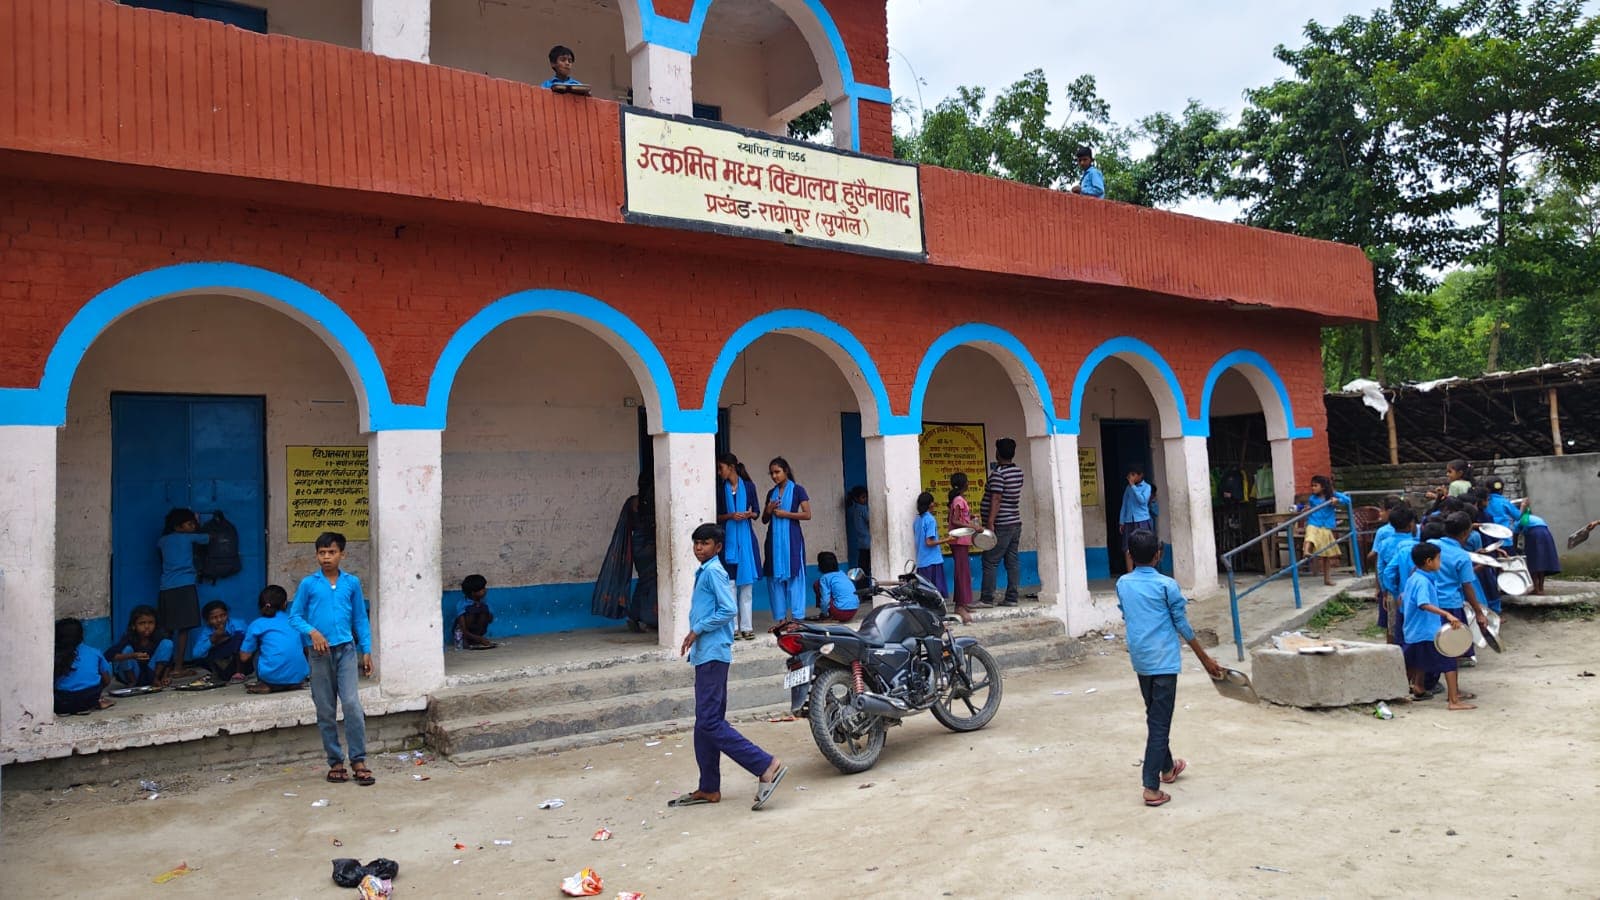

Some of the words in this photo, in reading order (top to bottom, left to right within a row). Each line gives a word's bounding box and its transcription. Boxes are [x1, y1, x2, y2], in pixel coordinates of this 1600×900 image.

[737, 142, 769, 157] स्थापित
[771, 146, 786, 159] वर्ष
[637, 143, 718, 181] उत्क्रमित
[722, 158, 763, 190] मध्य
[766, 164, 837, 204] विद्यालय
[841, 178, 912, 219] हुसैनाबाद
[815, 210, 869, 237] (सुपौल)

To do -> Retype all of the material above precisely as it reads. Pictures are not part of the copy.

Solution to this task ->
Some of the words in this photo, in reading order (top to bottom, left to right within a row). Each line gives a word's bounding box and its transcription. Boxes are [x1, y1, x2, y2], in pixel coordinates of this 1600×900 image.

[737, 142, 769, 157] स्थापित
[771, 146, 786, 159] वर्ष
[637, 143, 718, 181] उत्क्रमित
[722, 158, 763, 190] मध्य
[766, 164, 837, 204] विद्यालय
[841, 178, 912, 219] हुसैनाबाद
[815, 210, 869, 237] (सुपौल)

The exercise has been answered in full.